BKI Investment Ltd (ASX: BKI), the ASX Listed investment company (LIC), reported its result for the 2020 financial year this week.
BKI Investment Co is a LIC that was formed in 2003 to manage the investment portfolio of Brickworks Limited (ASX: BKW).
BKI Investments 2020 report
BKI’s management team said that due to the COVID-19 economic crisis, Australia equity investors have recently experienced a significant cut to dividends, with many companies deferring or even canceling dividend payments altogether. BKI’s income and profits were not immune from the pain.
The LIC reported that ordinary investment revenue was down 13% to $45.4 million. Lower dividends were received from shares like Woodside, NAB, Macquarie and Transurban. On top of that, some ASX blue chips didn’t pay a dividend at all, such as ANZ, Westpac and Sydney Airport.
The drop in investment revenue flowed through to the profit result, with ordinary net operating profit after tax dropped 15% to $41.6 million. Earnings per share (EPS) fell 16% to 5.67 cents.
Including special investment income from Telstra and TPG, BKI’s net operating profit after tax was down 35% to $48.6 million. FY19 included a number of special dividends due to the potential removal of franking credits.
BKI said that its management expense ratio was just 0.17%, which is quite low compared to most other externally managed LICs, ETFs and managed funds in Australia.
For total shareholder returns, BKI’s return was a negative 7.1%, compared to minus 7.6% for the S&P/ASX 300 Accumulation Index return. This means BKI outperformed by 0.5%.
BKI revealed that it has completely sold out of some shares including Boral, Ampol, ANZ, Challenger and Cimic.
Due to the ongoing economic impact and the number of dividend cuts from investment holdings, BKI declared a final ordinary dividend of 2.32 cents per share, as well as a 1 cent per share special dividend. That brings the total dividend per share for FY20 to 6.945 cents, a cut of 29%. The ordinary dividend per share is down 19% to 5.945 cents per share.
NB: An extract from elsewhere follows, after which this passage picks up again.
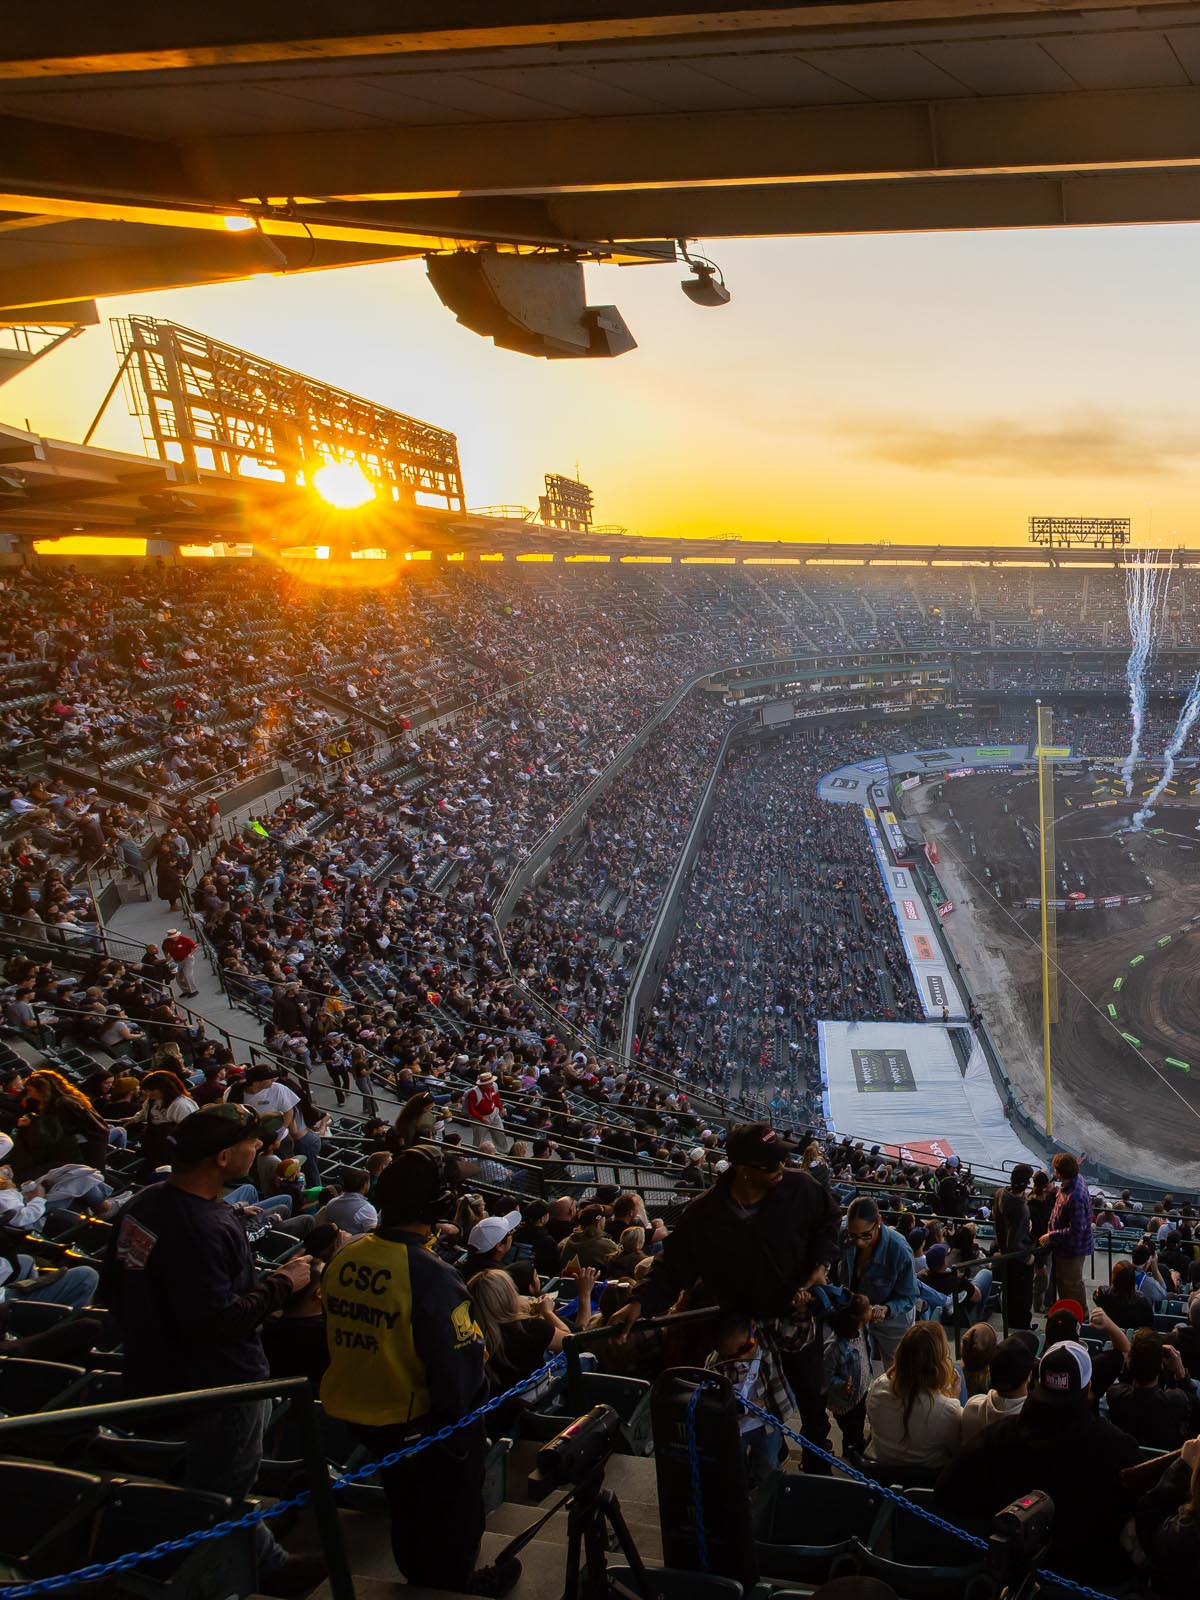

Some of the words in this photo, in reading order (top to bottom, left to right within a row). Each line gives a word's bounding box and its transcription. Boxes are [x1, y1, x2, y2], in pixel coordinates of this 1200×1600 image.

A dividend cut is obviously disappointing for shareholders, but to pay the dividend would have meant eating into the portfolio. BKI is expecting further dividend cuts and perhaps capital raisings from some shares. I like how BKI’s portfolio has adjusted to shares like Macquarie and APA Group. However, ASX blue chips aren’t where I’m looking to invest. But I think BKI could be a good option for continued good dividend income for many years into the future.